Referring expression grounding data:
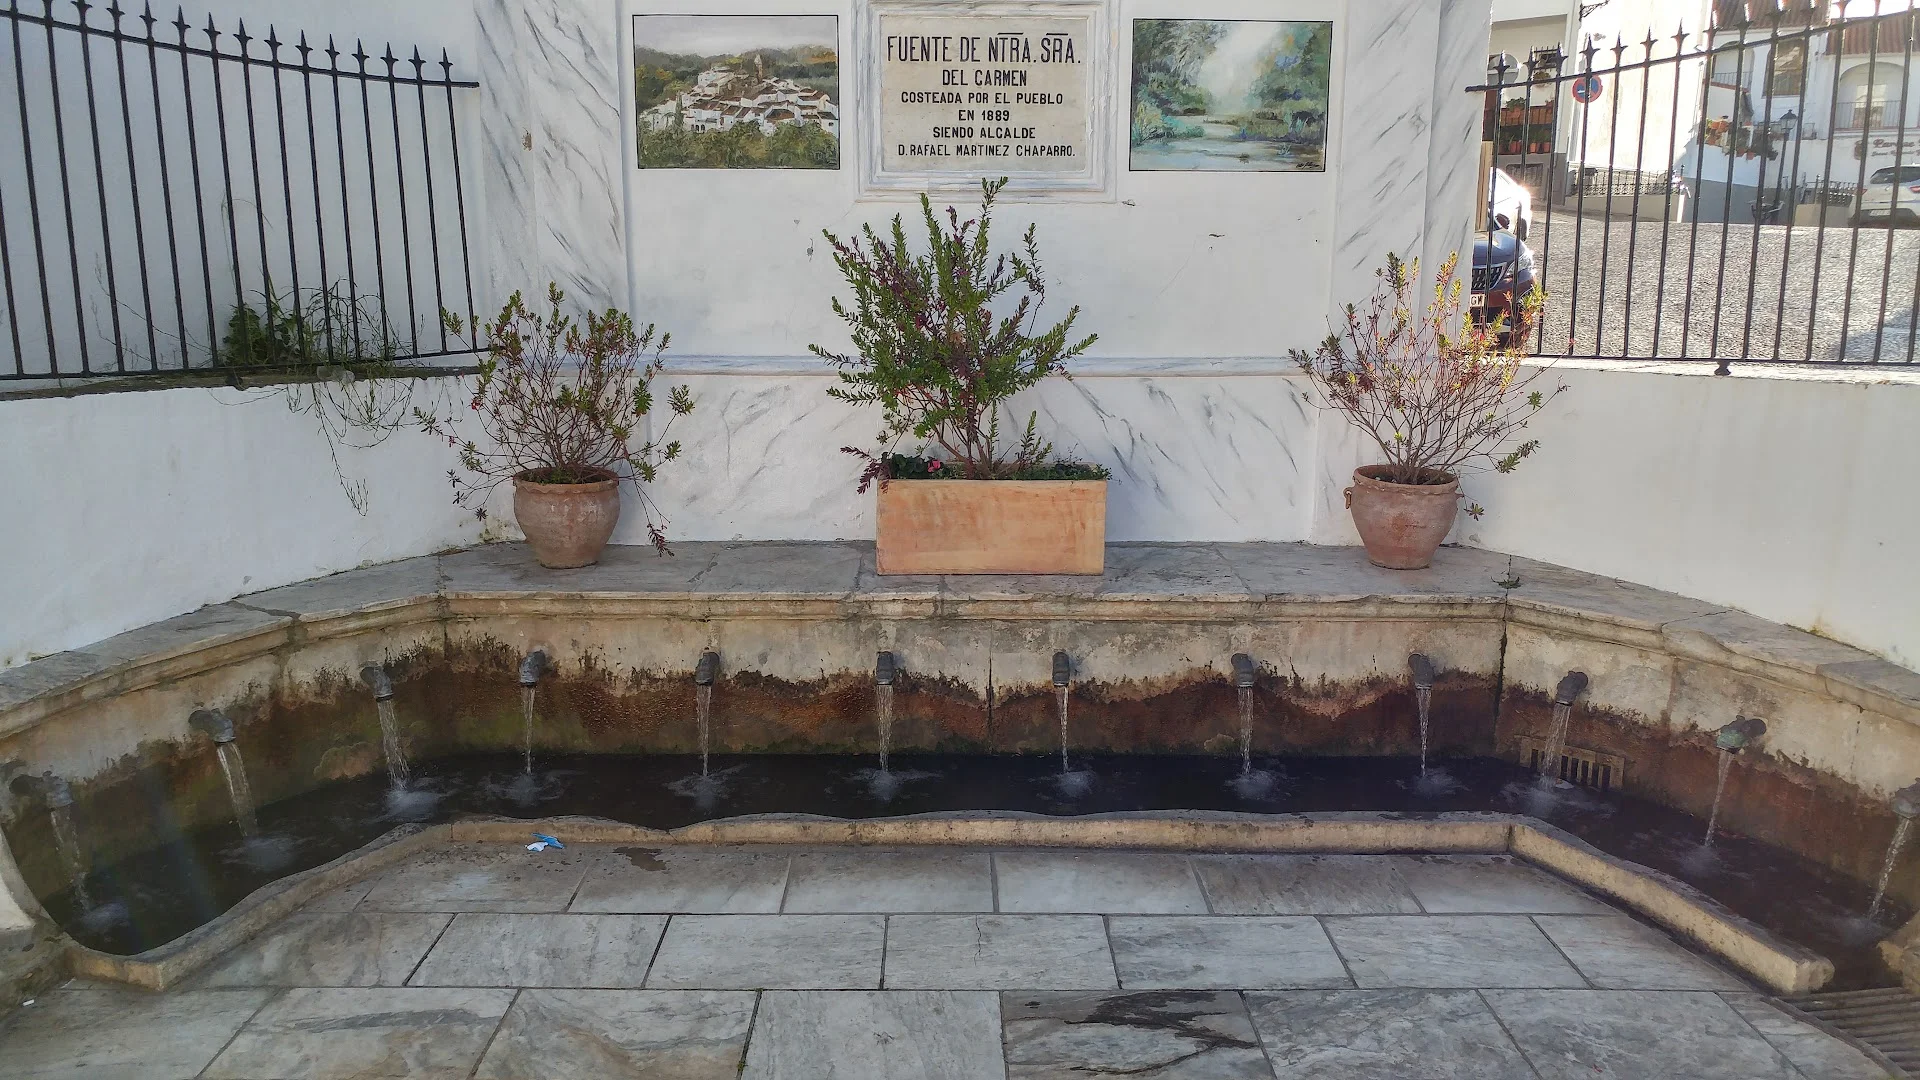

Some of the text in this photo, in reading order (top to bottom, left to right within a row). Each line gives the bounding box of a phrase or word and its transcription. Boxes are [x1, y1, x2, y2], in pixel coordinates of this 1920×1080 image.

[887, 36, 952, 62] FUENTE
[960, 36, 981, 63] DE
[942, 69, 1027, 87] DEL CARMEN
[901, 91, 1063, 105] COSTEADA POR EL PUEBLO
[958, 109, 1010, 122] EN 1889
[932, 126, 1036, 139] SIENDO ALCALDE
[955, 144, 1010, 157] MARTINEZ
[1015, 144, 1076, 157] CHAPARRO.
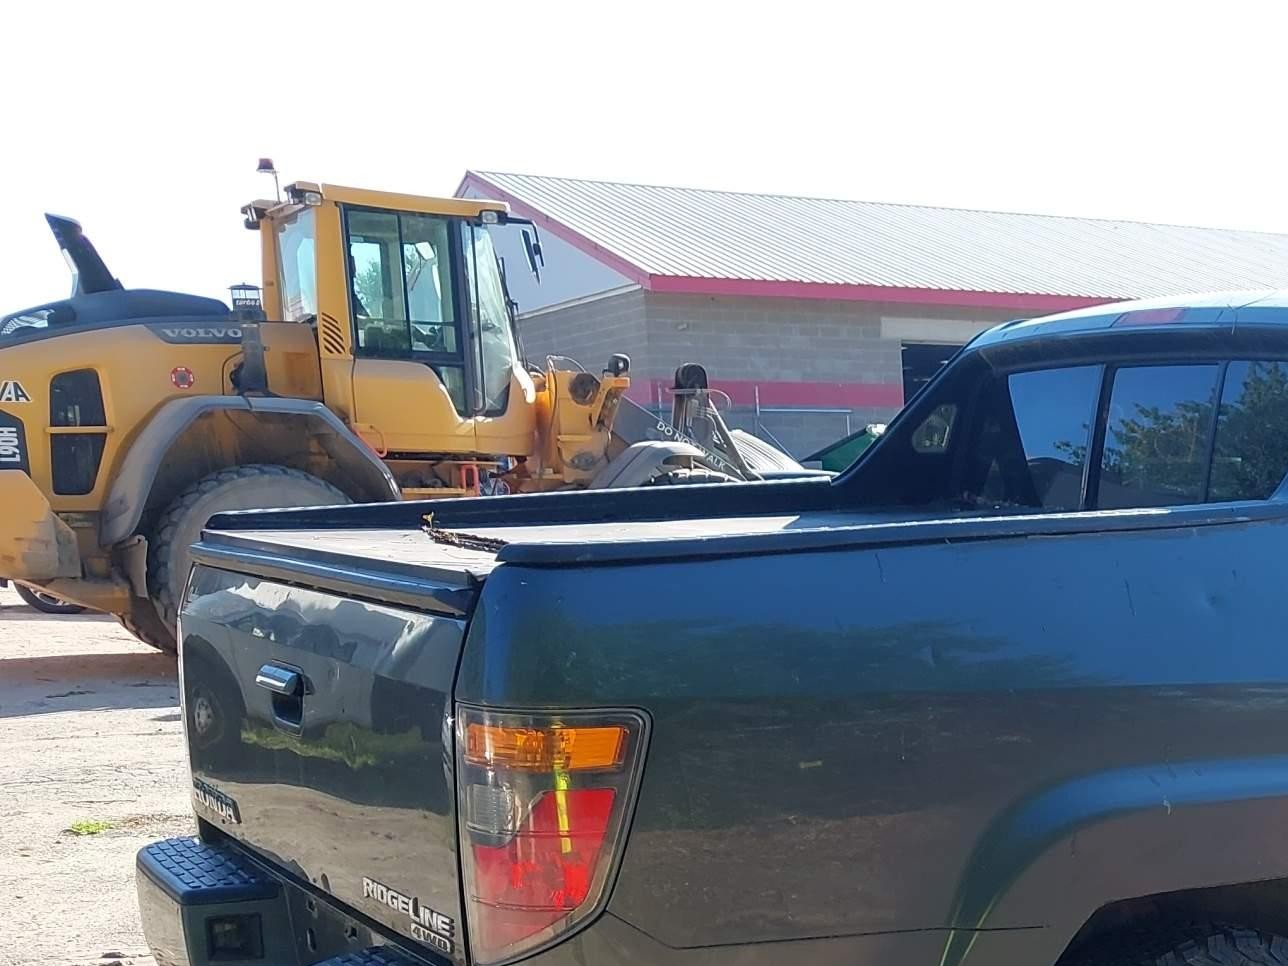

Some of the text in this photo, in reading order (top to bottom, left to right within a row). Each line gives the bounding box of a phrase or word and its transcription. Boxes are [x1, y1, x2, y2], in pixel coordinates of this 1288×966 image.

[161, 328, 242, 338] VOLVO
[656, 421, 673, 436] DO
[362, 876, 453, 937] RIDGELINE
[412, 924, 450, 951] 4WD
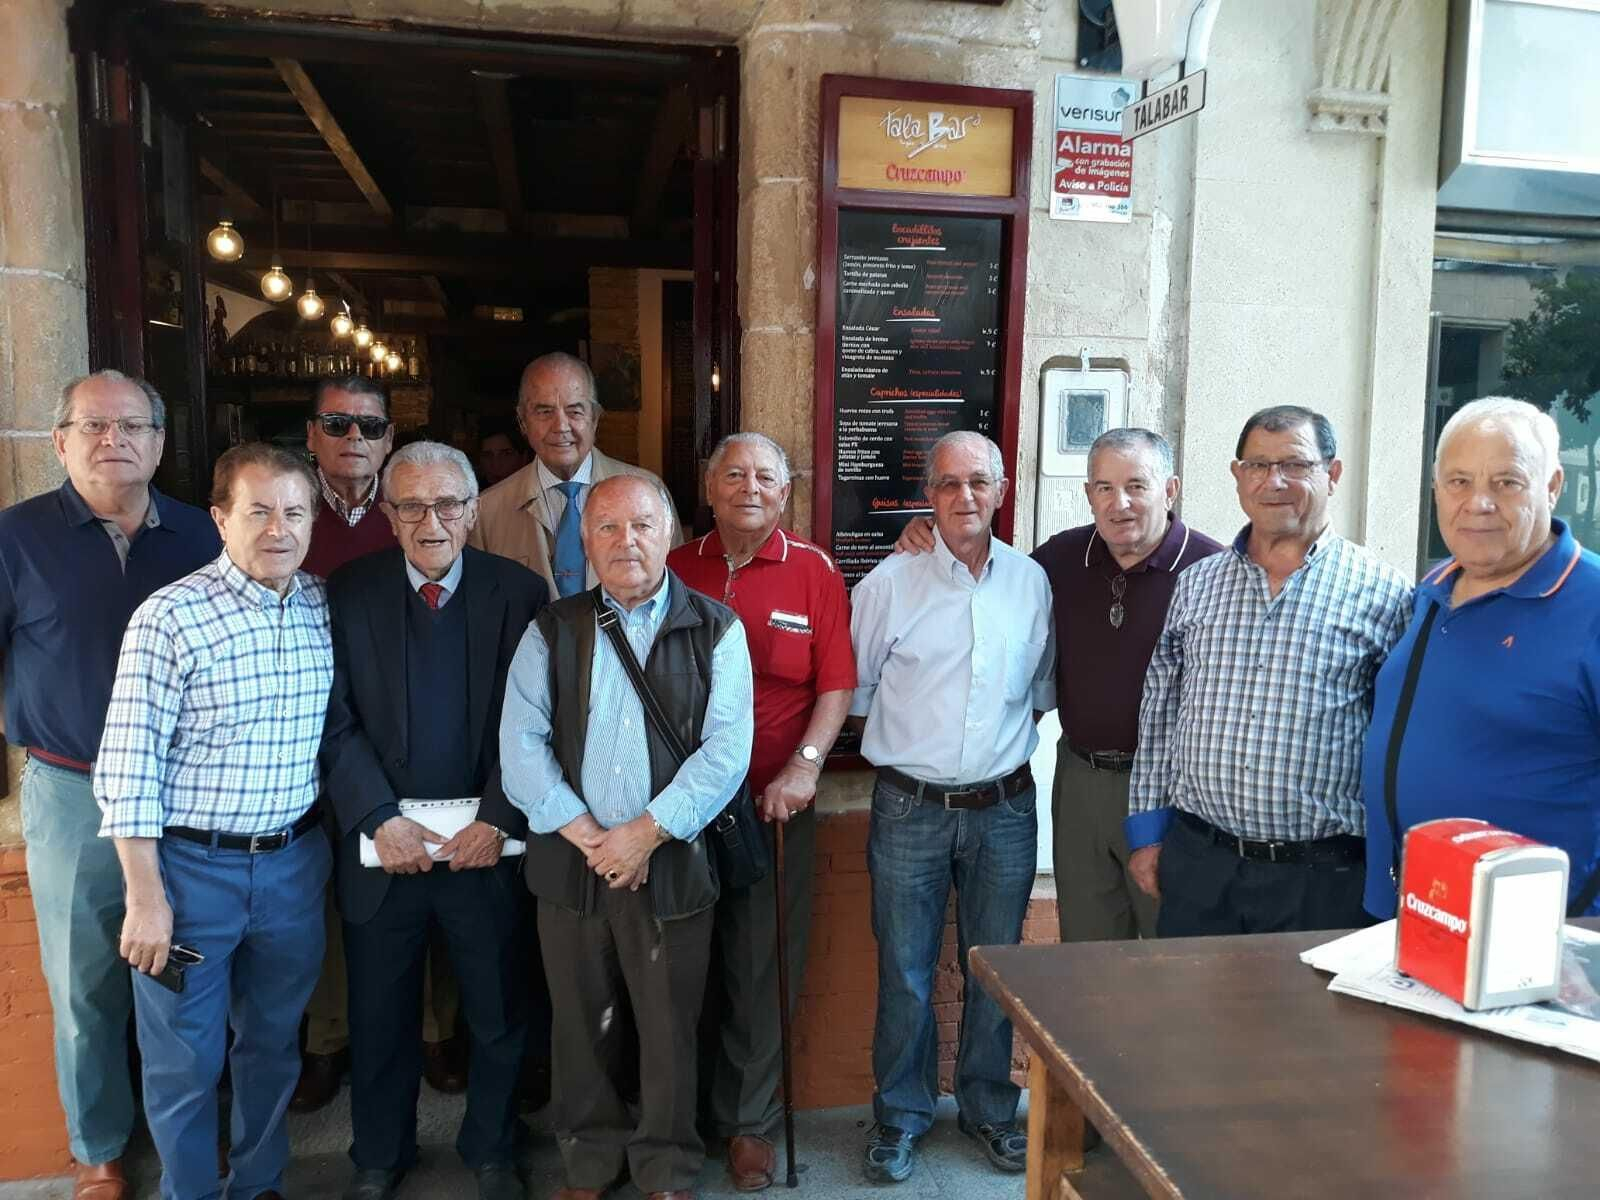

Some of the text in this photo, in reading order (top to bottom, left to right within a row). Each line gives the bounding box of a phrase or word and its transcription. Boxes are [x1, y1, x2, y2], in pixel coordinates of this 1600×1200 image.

[1060, 105, 1121, 123] verisur
[1134, 84, 1189, 132] TALABAR
[1059, 135, 1131, 157] Alarma
[1074, 165, 1130, 179] de imágenes
[1075, 158, 1130, 169] con grabación
[885, 163, 963, 187] Cruzcampo
[1058, 178, 1129, 193] Aviso a Policía
[893, 306, 936, 317] Ensaladas
[1407, 891, 1466, 933] Cruzcampo
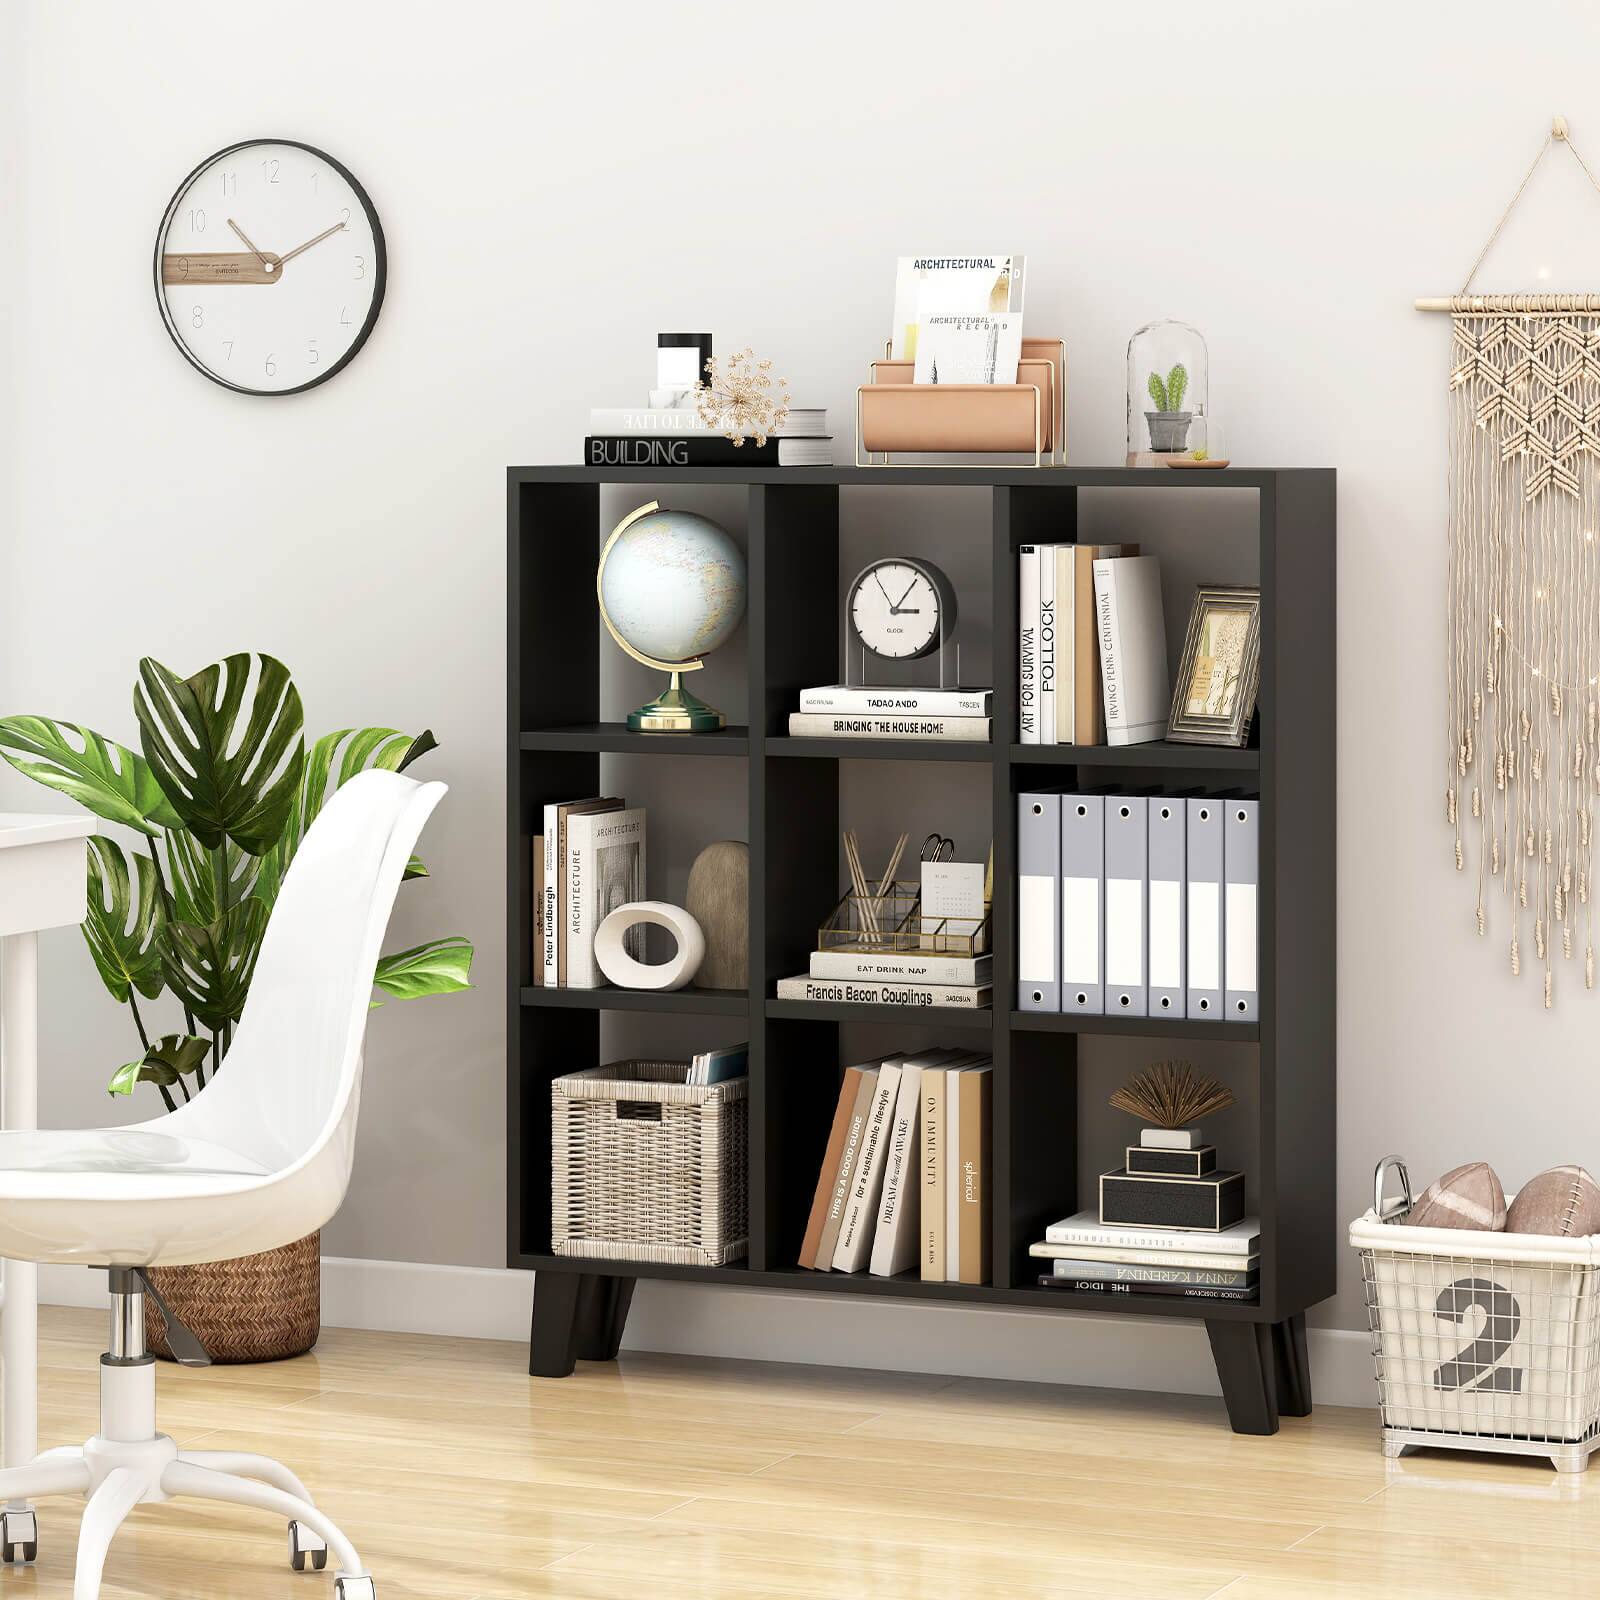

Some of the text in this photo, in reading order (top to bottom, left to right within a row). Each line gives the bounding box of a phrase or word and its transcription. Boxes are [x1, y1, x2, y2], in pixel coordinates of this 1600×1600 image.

# [Required action]
Exactly what appears in the records above must be returned, apart from the pictures.

# [Response to the exercise]
Some of the text in this photo, in reading order (top to bottom, left to right within a row). Each line gives the bounding box of a phrase or word and its transcription. Boxes are [x1, y1, x2, y2], in pixel coordinates of this 1920×1080 image.

[887, 36, 952, 62] FUENTE
[960, 36, 981, 63] DE
[942, 69, 1027, 87] DEL CARMEN
[901, 91, 1063, 105] COSTEADA POR EL PUEBLO
[958, 109, 1010, 122] EN 1889
[932, 126, 1036, 139] SIENDO ALCALDE
[955, 144, 1010, 157] MARTINEZ
[1015, 144, 1076, 157] CHAPARRO.

Some of the text in this photo, in reading order (top to bottom, left to right within a row). Each line gives the bounding box of a phrase or word and its transcription. Boxes are [x1, y1, x2, y2], in pixel coordinates of this 1288×966 image.

[161, 328, 242, 338] VOLVO
[656, 421, 673, 436] DO
[362, 876, 453, 937] RIDGELINE
[412, 924, 450, 951] 4WD

Some of the text in this photo, in reading order (top to bottom, left to right within a row). Each line gives the bounding box of a phrase or word and its transcription. Boxes are [x1, y1, x2, y2], in pixel coordinates of this 1600×1200 image.

[1060, 105, 1121, 123] verisur
[1134, 84, 1189, 132] TALABAR
[1059, 135, 1131, 157] Alarma
[1074, 165, 1130, 179] de imágenes
[1075, 158, 1130, 169] con grabación
[885, 163, 963, 187] Cruzcampo
[1058, 178, 1129, 193] Aviso a Policía
[893, 306, 936, 317] Ensaladas
[1407, 891, 1466, 933] Cruzcampo

Some of the text in this photo, in reading order (top to bottom, left to right within a row). Each line gives the bounding box of a phrase or word and its transcription. Boxes are [x1, y1, x2, y2], in pixel coordinates of this 1600×1600 image.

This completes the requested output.